The depressing California real-estate market could be seeing "the first flickers of a light at the end of a tunnel," according to Ryan Ratcliff's prediction.
Ratcliff is one of four economists with UCLA's Anderson Forecast team that says the United States will barely dodge a recession.
Other experts disagree, but Anderson forecasters have been pretty darn accurate in the past.
Within their data-laden 127-page book, Ratcliff examines California's housing market and says the state may be on its way to Phase 3 of a three-phase downturn.
Phase 1: home sales and prices leveled off and started dropping in 2006.
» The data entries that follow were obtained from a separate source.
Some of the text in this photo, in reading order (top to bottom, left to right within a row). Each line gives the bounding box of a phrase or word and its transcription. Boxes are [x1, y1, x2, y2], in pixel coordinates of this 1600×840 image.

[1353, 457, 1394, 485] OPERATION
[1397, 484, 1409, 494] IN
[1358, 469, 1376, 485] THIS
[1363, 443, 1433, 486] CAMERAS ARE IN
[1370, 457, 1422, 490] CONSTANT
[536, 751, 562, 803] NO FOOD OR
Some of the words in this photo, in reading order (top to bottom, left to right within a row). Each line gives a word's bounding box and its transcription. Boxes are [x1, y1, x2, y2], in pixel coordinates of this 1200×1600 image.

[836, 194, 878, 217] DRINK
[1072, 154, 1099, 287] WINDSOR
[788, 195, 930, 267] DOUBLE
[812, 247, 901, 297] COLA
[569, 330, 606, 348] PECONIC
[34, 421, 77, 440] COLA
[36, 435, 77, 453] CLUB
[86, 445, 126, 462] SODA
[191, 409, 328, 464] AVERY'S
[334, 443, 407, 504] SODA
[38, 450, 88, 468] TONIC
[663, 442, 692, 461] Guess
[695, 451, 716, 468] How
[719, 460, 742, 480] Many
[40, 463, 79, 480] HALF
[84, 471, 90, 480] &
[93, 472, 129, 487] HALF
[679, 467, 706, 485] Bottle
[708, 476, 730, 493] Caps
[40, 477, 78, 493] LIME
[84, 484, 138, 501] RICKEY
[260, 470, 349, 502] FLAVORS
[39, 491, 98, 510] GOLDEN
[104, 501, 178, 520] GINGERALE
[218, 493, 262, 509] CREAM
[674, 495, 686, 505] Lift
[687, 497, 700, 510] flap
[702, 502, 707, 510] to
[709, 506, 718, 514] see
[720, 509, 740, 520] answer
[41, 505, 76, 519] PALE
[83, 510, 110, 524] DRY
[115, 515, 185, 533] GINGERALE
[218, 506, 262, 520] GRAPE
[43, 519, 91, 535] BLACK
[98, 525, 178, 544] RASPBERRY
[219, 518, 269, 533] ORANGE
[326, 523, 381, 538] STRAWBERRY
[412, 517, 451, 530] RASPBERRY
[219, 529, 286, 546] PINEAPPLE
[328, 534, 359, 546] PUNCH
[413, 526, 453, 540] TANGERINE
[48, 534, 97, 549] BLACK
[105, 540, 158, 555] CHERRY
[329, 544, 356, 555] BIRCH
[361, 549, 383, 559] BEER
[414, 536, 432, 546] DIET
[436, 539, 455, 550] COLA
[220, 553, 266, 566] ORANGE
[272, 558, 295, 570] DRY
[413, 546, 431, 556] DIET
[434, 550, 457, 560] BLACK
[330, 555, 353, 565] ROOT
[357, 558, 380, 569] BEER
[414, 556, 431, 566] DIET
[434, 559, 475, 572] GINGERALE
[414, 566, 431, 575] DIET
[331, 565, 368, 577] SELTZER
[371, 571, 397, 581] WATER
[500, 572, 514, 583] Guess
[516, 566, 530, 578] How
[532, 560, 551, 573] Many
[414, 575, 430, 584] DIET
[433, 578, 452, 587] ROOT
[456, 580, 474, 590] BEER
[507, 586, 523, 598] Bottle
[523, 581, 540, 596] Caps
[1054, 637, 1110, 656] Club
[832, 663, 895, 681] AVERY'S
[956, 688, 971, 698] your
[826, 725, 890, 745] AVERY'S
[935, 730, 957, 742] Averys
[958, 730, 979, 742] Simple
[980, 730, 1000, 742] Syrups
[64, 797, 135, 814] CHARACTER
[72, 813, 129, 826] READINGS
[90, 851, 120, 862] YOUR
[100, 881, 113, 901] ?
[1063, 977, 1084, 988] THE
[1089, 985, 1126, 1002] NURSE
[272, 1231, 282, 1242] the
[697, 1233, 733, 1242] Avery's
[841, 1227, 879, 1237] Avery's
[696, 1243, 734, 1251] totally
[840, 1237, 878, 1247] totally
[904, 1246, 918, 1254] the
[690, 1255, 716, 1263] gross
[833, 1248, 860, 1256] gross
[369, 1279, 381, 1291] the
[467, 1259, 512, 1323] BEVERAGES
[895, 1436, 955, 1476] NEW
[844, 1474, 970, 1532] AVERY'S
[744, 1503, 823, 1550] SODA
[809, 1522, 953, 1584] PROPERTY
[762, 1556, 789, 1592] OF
Phase 2: globs of foreclosures hit the market in 2007 and 2008, forcing prices and sales even lower. By now, median sale prices on resale homes have dropped up to 40 percent in parts of the Inland Empire and 50 percent in several areas throughout the state.
Phase 3: home sales pick up a bit, although 30 to 50 percent of them are foreclosure sales.
"Our statistics suggest that foreclosure rates will remain a significant problem through at least the rest of 2008," Ratcliff's report says. "Even as foreclosures moderate in 2009, the glut of built-up inventory will continue to cast a shadow over the resale market. A 'normal' housing market is still a long way off."
Ratcliff's tone on the housing market is a bit less optimistic than the other three forecasters who say the market will bottom out and possibly stabilize by the end of 2008.
But there's plenty of other experts -- financial executives, home builder consultants, even veteran real-estate agents -- who predict a bottom-out in late 2009 or 2010.